You can then use the Jaeger UI to view the traces collected from the application run above.

Jaeger UI

Custom Traces#

So far, we are logging only the default events that are generated by the AutoGen runtime (message created, publish etc). However, you can also create custom spans to log specific events in your application.

In the example below, we will show how to log messages from the RoundRobinGroupChat team as they are generated by adding custom spans around the team to log runtime events and spans to log messages generated by the team.

from autogen_agentchat.base import TaskResult
from autogen_agentchat.conditions import ExternalTermination
from autogen_agentchat.teams import RoundRobinGroupChat
from autogen_core import CancellationToken


async def run_agents() -> None:
    # Create an OpenAI model client.
    model_client = OpenAIChatCompletionClient(model="gpt-4o-2024-08-06")
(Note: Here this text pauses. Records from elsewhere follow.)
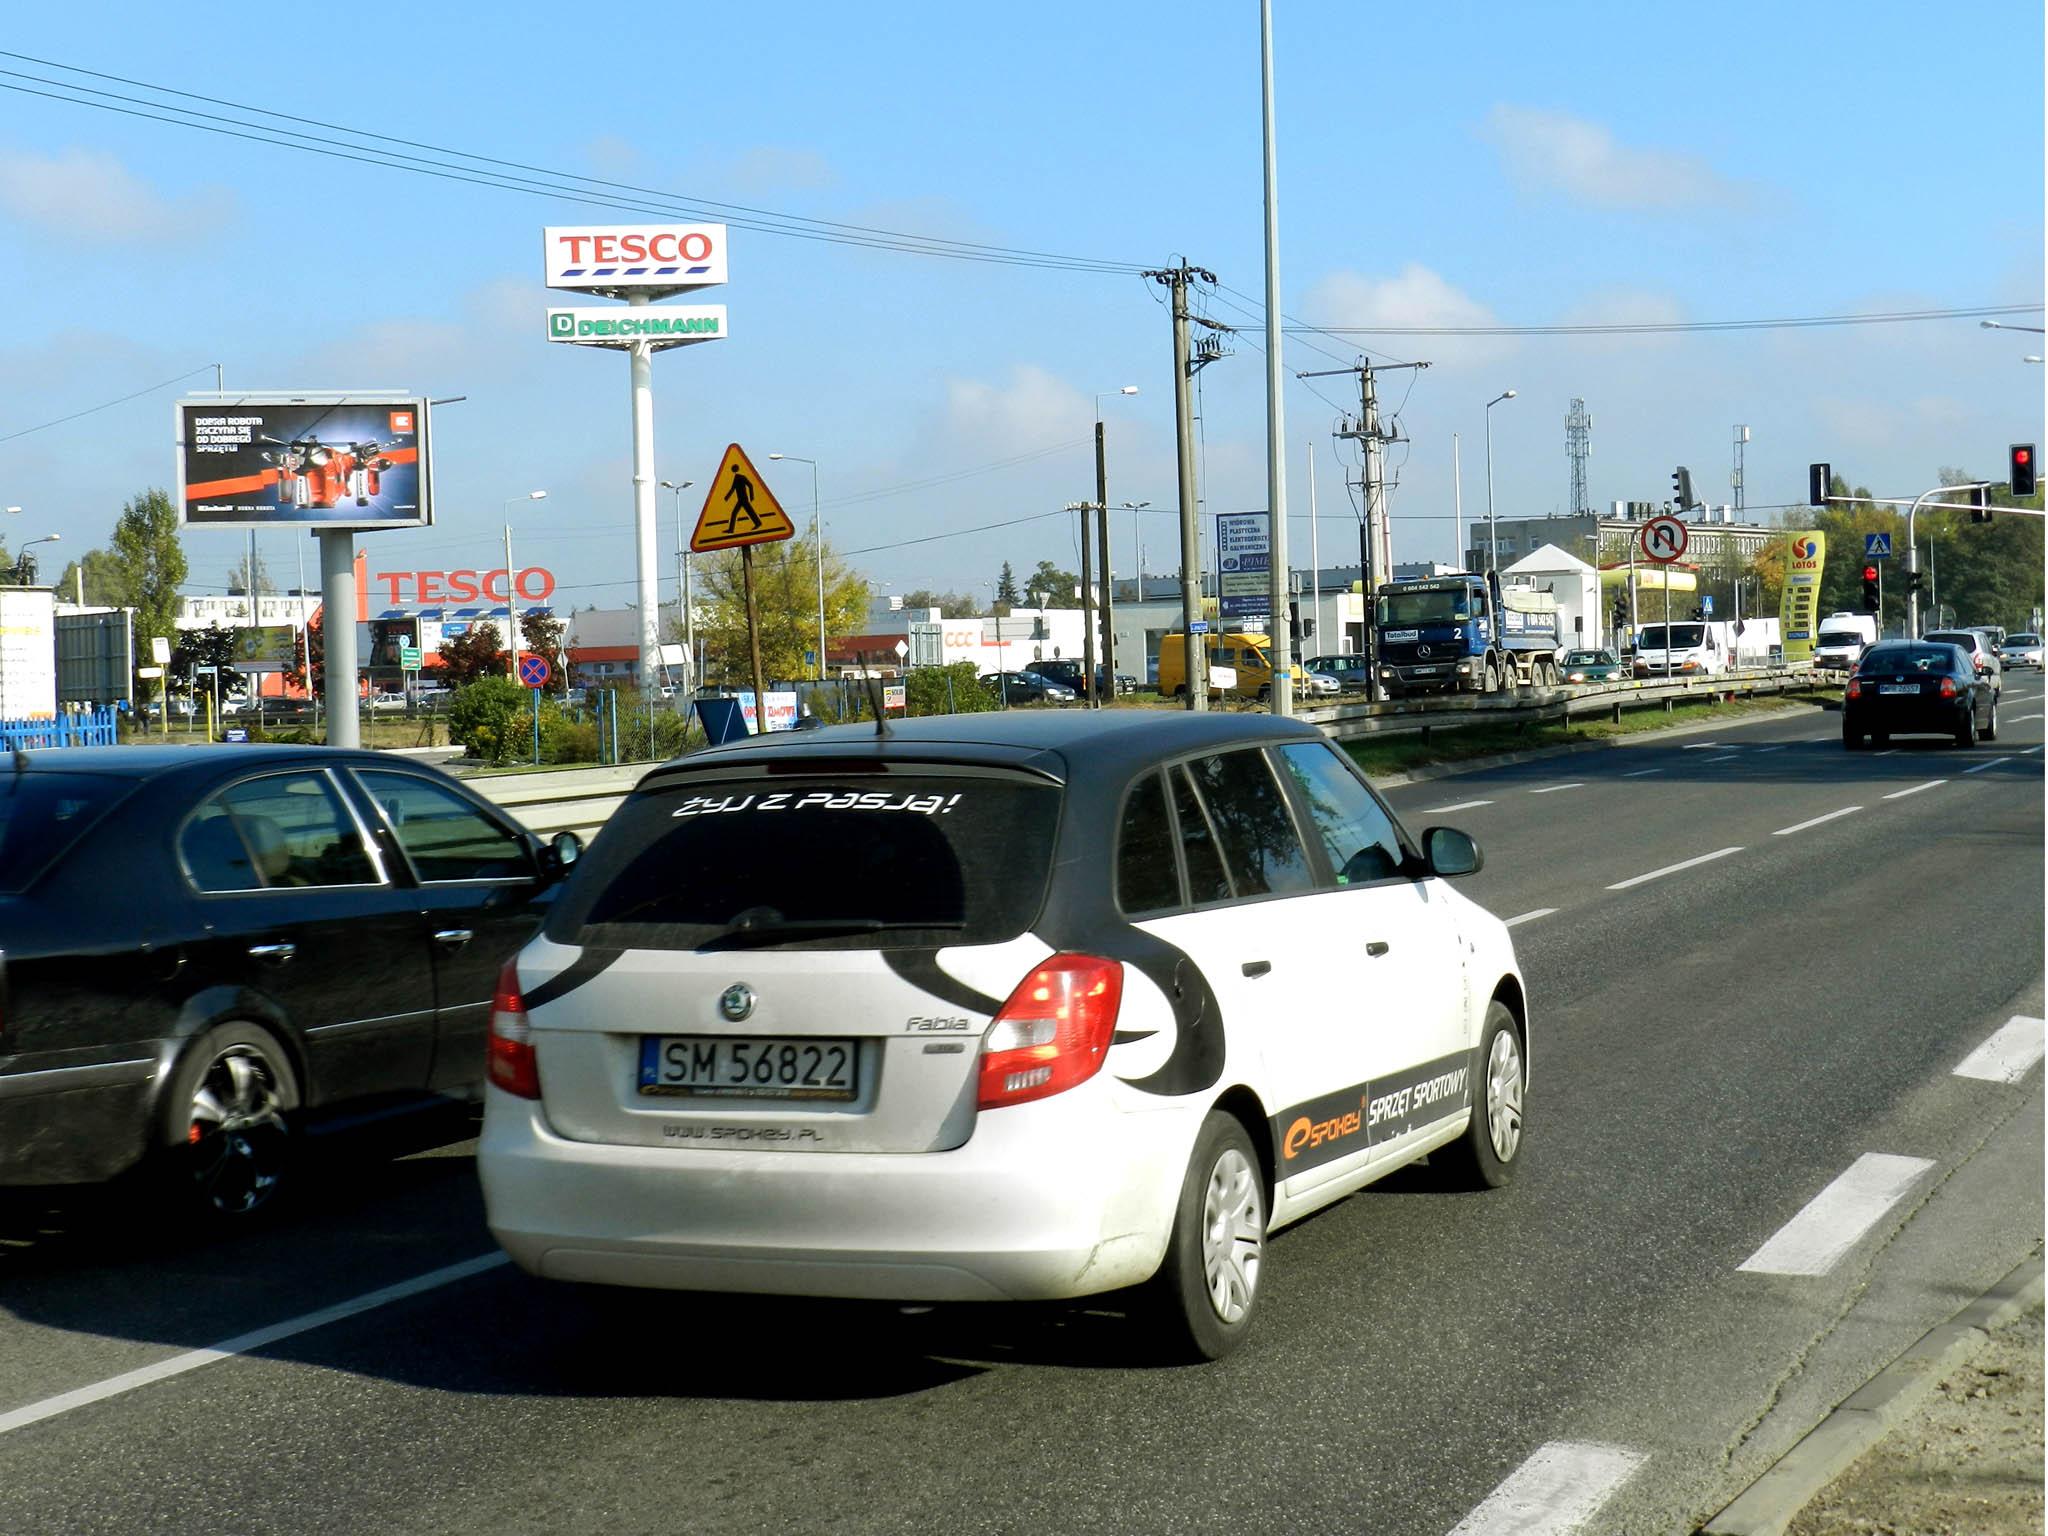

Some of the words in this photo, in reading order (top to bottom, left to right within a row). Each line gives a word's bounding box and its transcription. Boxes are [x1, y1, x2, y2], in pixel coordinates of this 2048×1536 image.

[560, 233, 713, 264] TESCO
[578, 318, 719, 336] DEICHMANN
[195, 417, 226, 426] DOBRA
[227, 417, 263, 425] ROBOTA
[196, 426, 236, 434] ZACZYNA
[238, 426, 251, 436] SIĘ
[210, 435, 252, 443] DOBREGO
[1792, 560, 1816, 569] LOTOS
[377, 567, 555, 605] TESCO
[945, 632, 974, 648] CCC
[1386, 631, 1417, 639] Totalbud
[1454, 628, 1462, 640] 2
[905, 1016, 969, 1031] Fabia
[664, 1043, 716, 1082] SM
[729, 1043, 846, 1086] 56822
[1368, 1087, 1412, 1127] SPRZĘT
[1412, 1067, 1467, 1108] SPORTOWY
    # Create the primary agent.
    primary_agent = AssistantAgent(
        "primary_agent",
        model_client=model_client,
        system_message="You are a helpful AI assistant.",
    )

    # Create the critic agent.
    critic_agent = AssistantAgent(
        "critic_agent",
        model_client=model_client,
        system_message="Provide constructive feedback. Respond with 'APPROVE' to when your feedbacks are addressed.",
    )

    # Define a termination condition that stops the task if the critic approves.
    text_termination = TextMentionTermination("APPROVE")
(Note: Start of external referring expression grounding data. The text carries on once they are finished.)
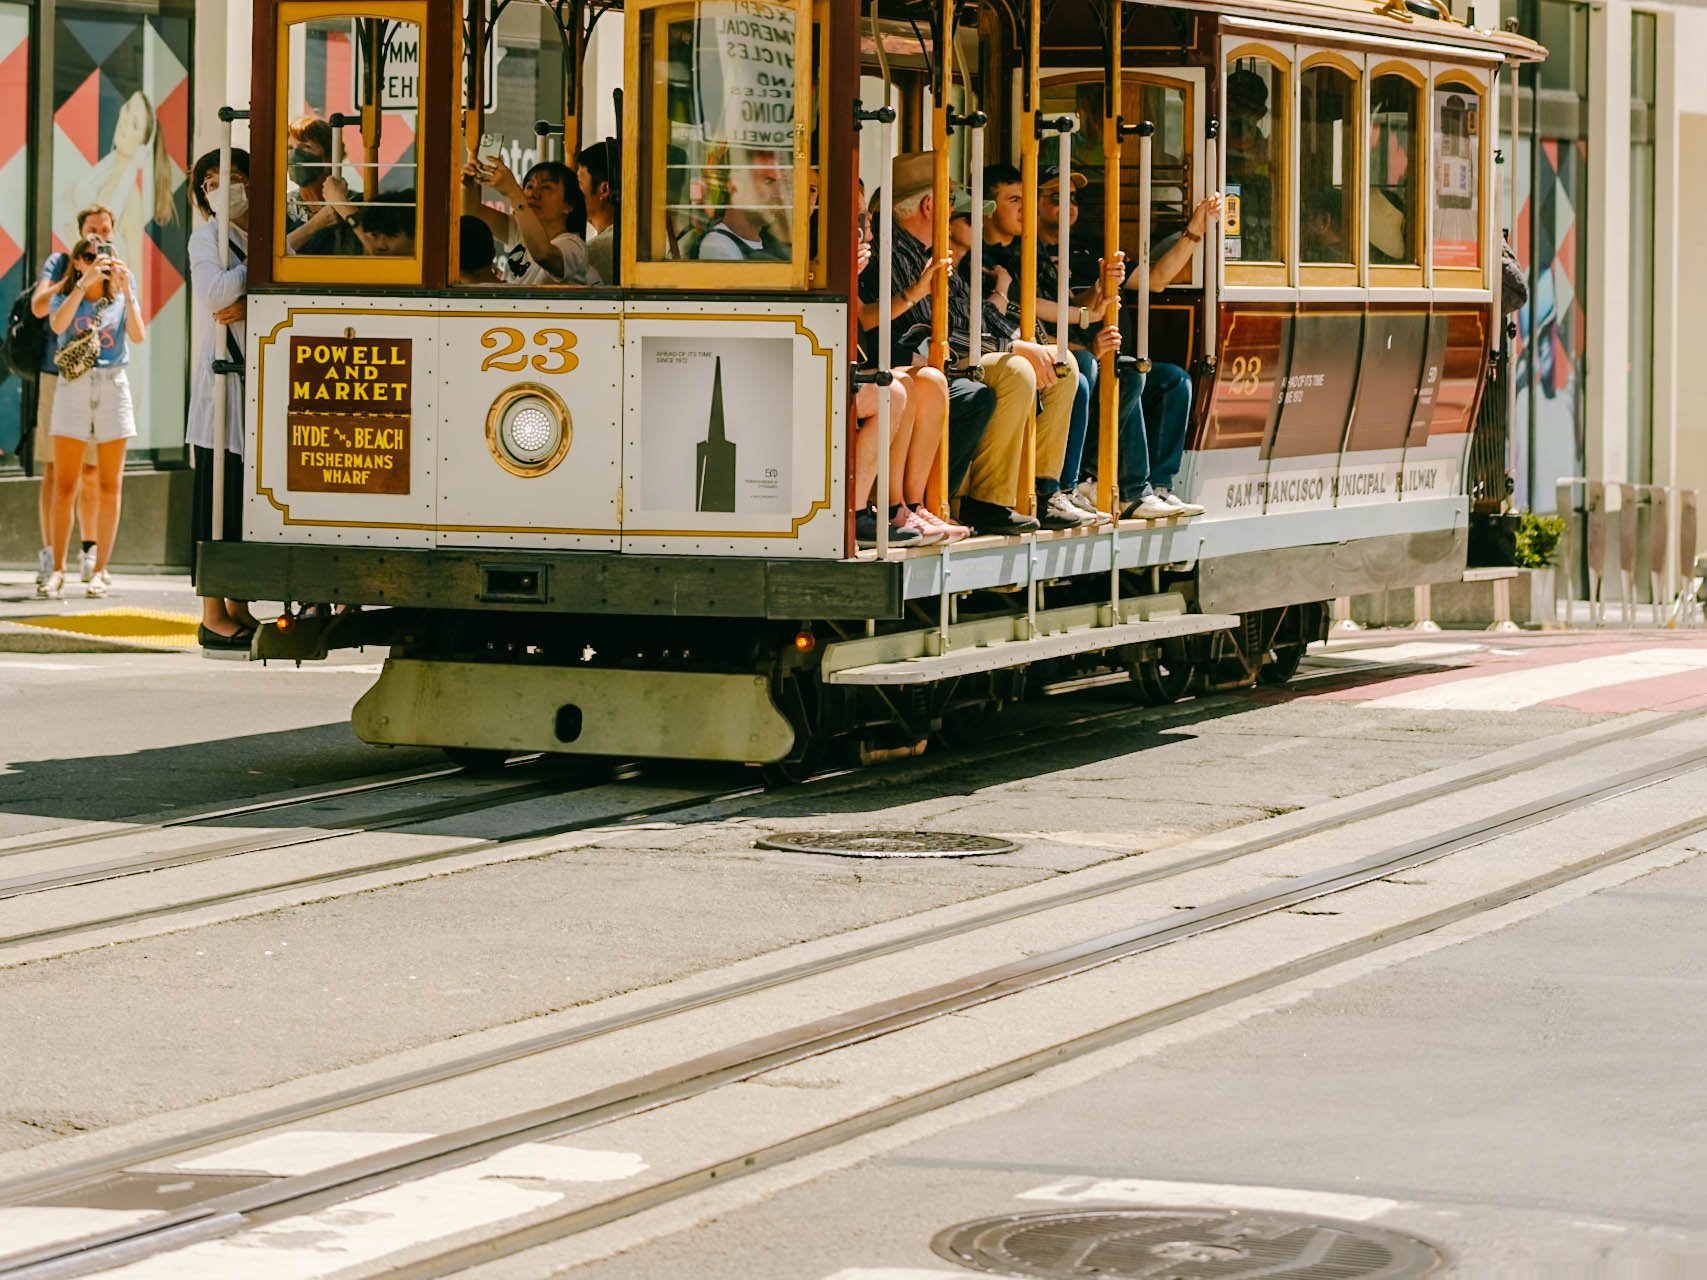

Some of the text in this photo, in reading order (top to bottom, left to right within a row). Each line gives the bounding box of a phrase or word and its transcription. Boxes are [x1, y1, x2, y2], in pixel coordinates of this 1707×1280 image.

[296, 345, 406, 365] POWELL
[480, 326, 580, 375] 23
[324, 365, 379, 380] AND
[1227, 356, 1262, 395] 23
[293, 381, 408, 401] MARKET
[292, 425, 404, 450] HYDE AND BEACH
[301, 451, 394, 470] FISHERMANS
[322, 469, 371, 485] WHARF
[1225, 483, 1252, 508] SAN
    tracer = trace.get_tracer("autogen-test-agentchat")
    with tracer.start_as_current_span("runtime_round_robin_events"):
        team = RoundRobinGroupChat([primary_agent, critic_agent], termination_condition=text_termination)
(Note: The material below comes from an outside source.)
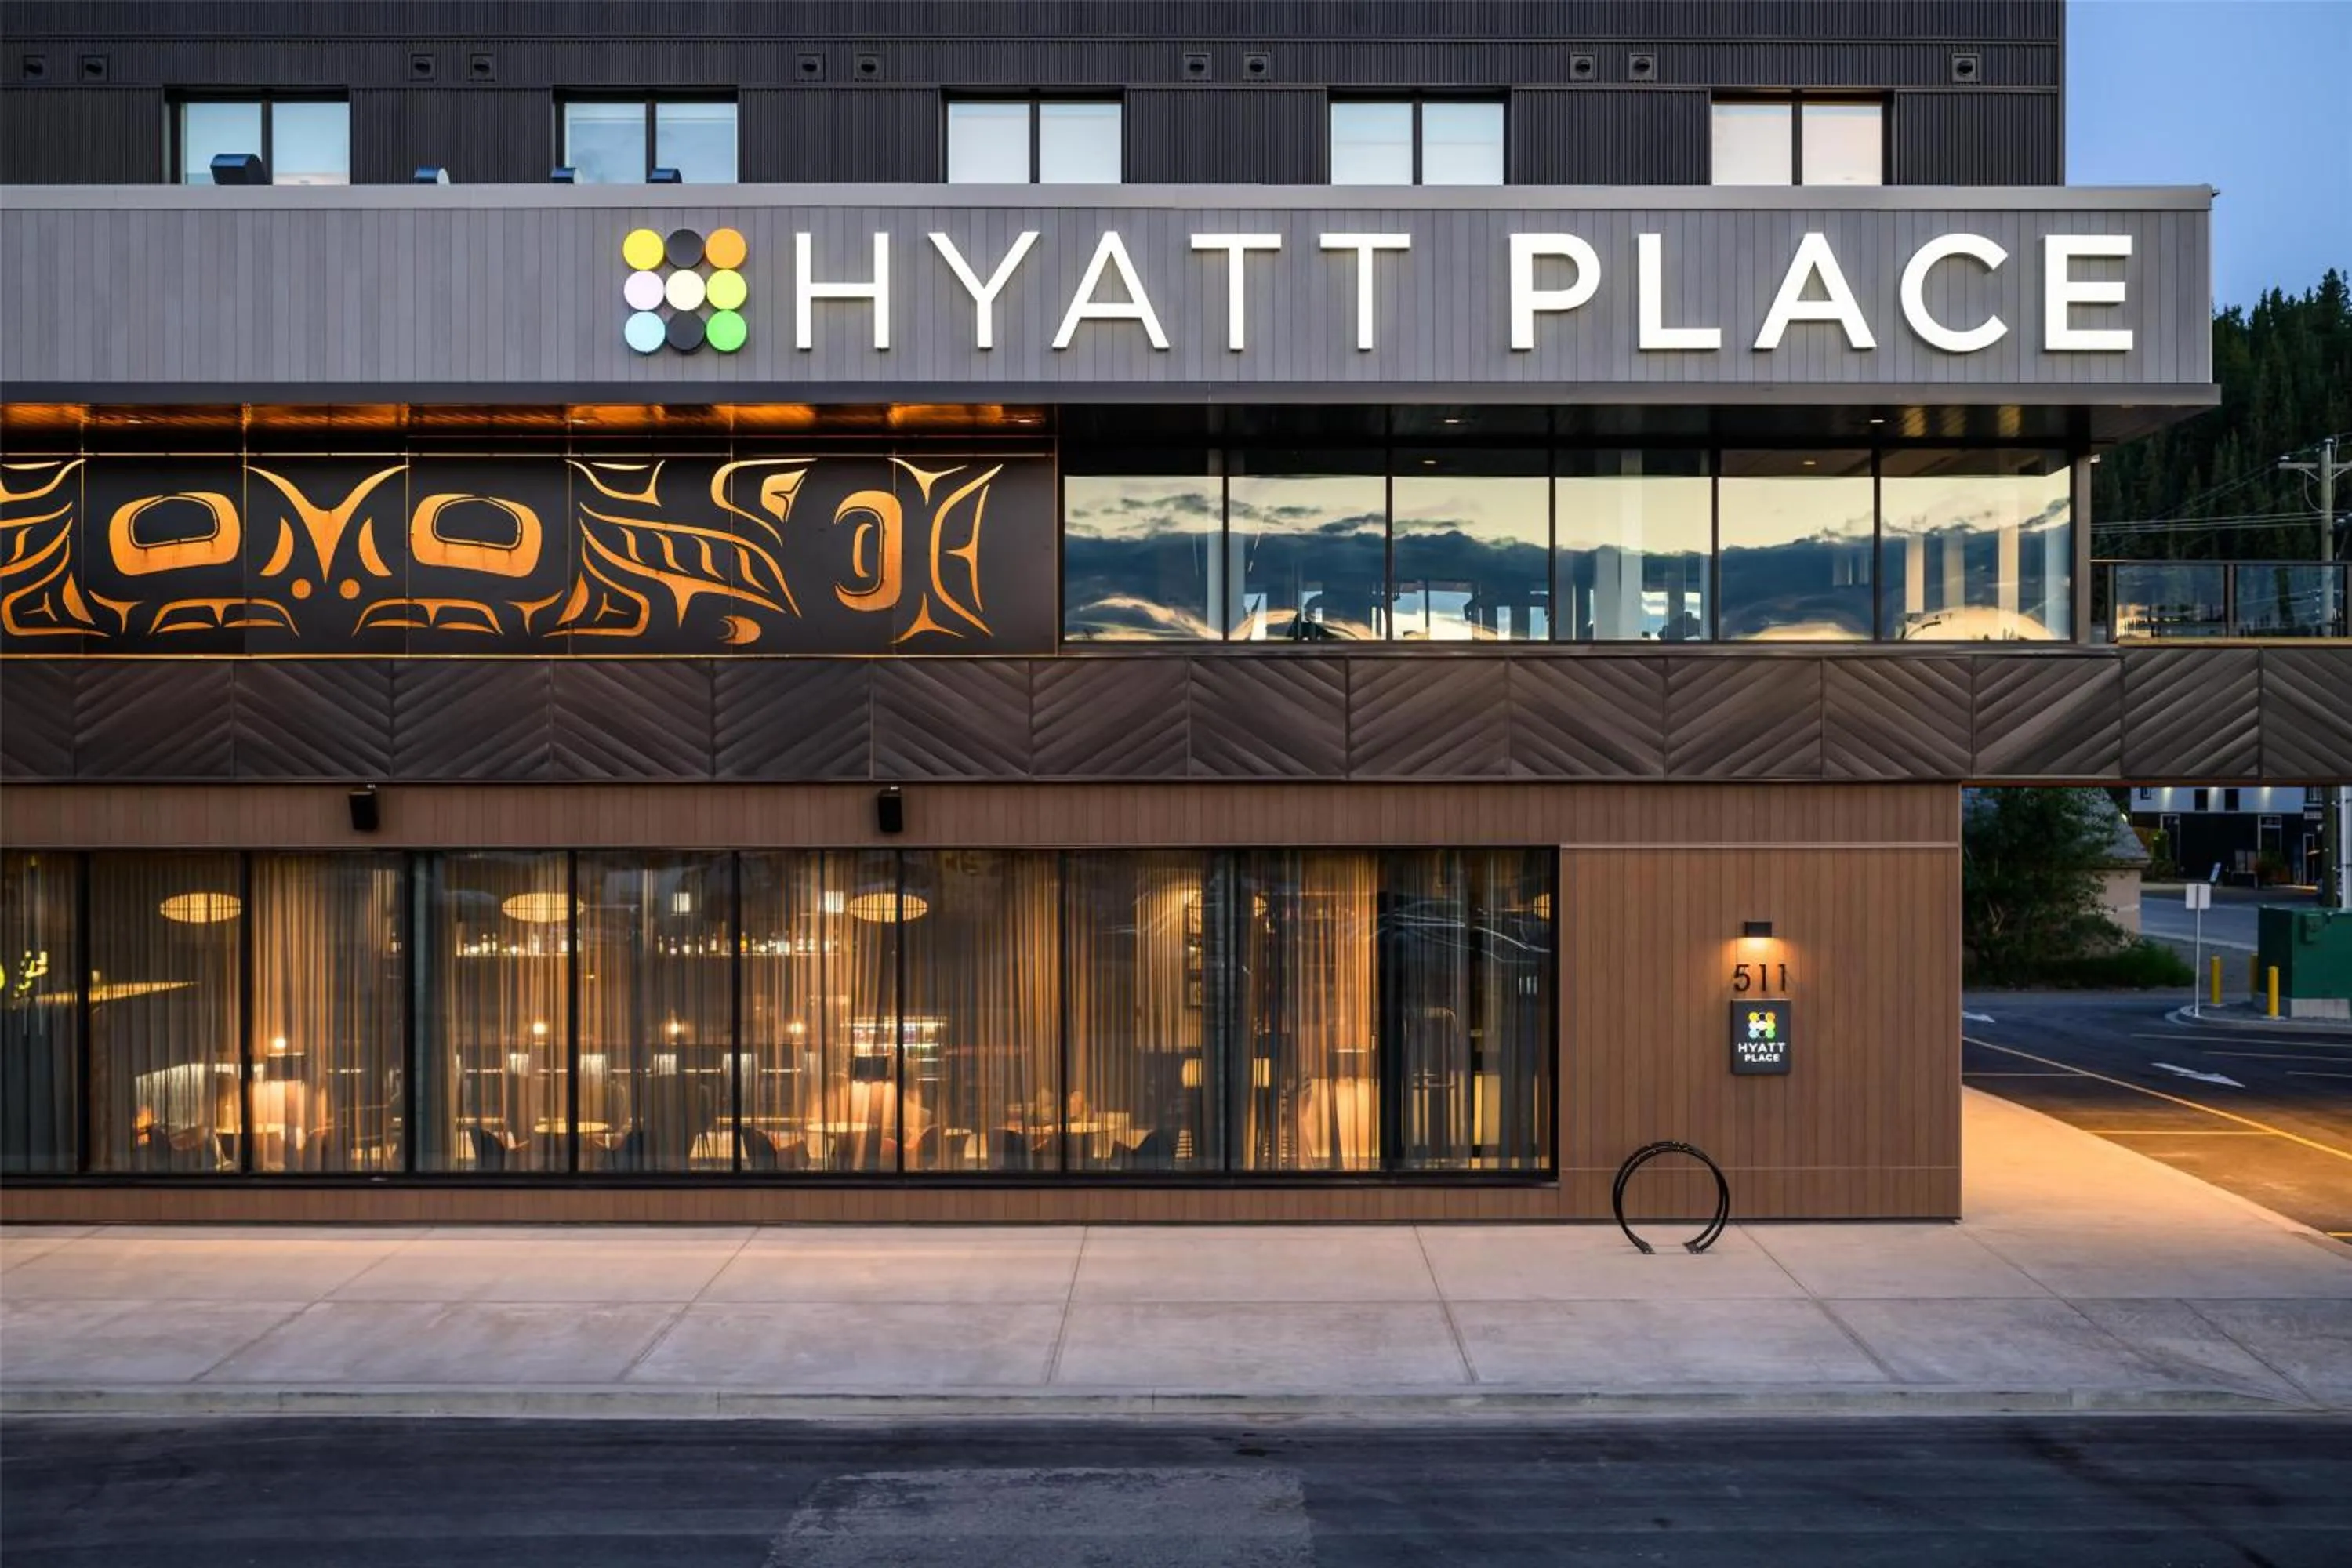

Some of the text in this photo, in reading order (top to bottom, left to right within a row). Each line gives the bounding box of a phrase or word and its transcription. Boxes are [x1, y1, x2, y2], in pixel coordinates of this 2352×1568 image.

[794, 230, 2136, 352] HYATT PLACE
[1733, 964, 1787, 992] 511
[1737, 1042, 1786, 1053] HYATT
[1744, 1053, 1780, 1062] PLACE
        response_stream = team.run_stream(task="Write a 2 line haiku about the fall season")
        async for response in response_stream:
            async for response in response_stream:
                if not isinstance(response, TaskResult):
                    print(f"\n-- {response.source} -- : {response.to_text()}")
                    with tracer.start_as_current_span(f"agent_message.{response.source}") as message_span:
                        message_span.set_attribute("agent.name", response.source)
                        message_span.set_attribute("message.content", response.to_text())
                        print(f"{response.source}: {response.to_text()}")

        await model_client.close()


await run_agents()
-- primary_agent -- : Leaves cascade like gold,  
Whispering winds cool the earth.
primary_agent: Leaves cascade like gold,  
Whispering winds cool the earth.

-- critic_agent -- : Your haiku beautifully captures the essence of the fall season with vivid imagery. However, it appears to have six syllables in the second line, which should traditionally be five. Here's a revised version keeping the 5-7-5 syllable structure:

Leaves cascade like gold,  
Whispering winds cool the air.  

Please adjust the second line to reflect a five-syllable count. Thank you!
critic_agent: Your haiku beautifully captures the essence of the fall season with vivid imagery. However, it appears to have six syllables in the second line, which should traditionally be five. Here's a revised version keeping the 5-7-5 syllable structure:

Leaves cascade like gold,  
Whispering winds cool the air.  

Please adjust the second line to reflect a five-syllable count. Thank you!

-- primary_agent -- : Leaves cascade like gold,  
Whispering winds cool the air.
primary_agent: Leaves cascade like gold,  
Whispering winds cool the air.

-- critic_agent -- : APPROVE
critic_agent: APPROVE

In the code above, we create a new span for each message sent by the agent. We set attributes on the span to include the agent’s name and the message content. This allows us to trace the flow of messages through our application and understand how they are processed.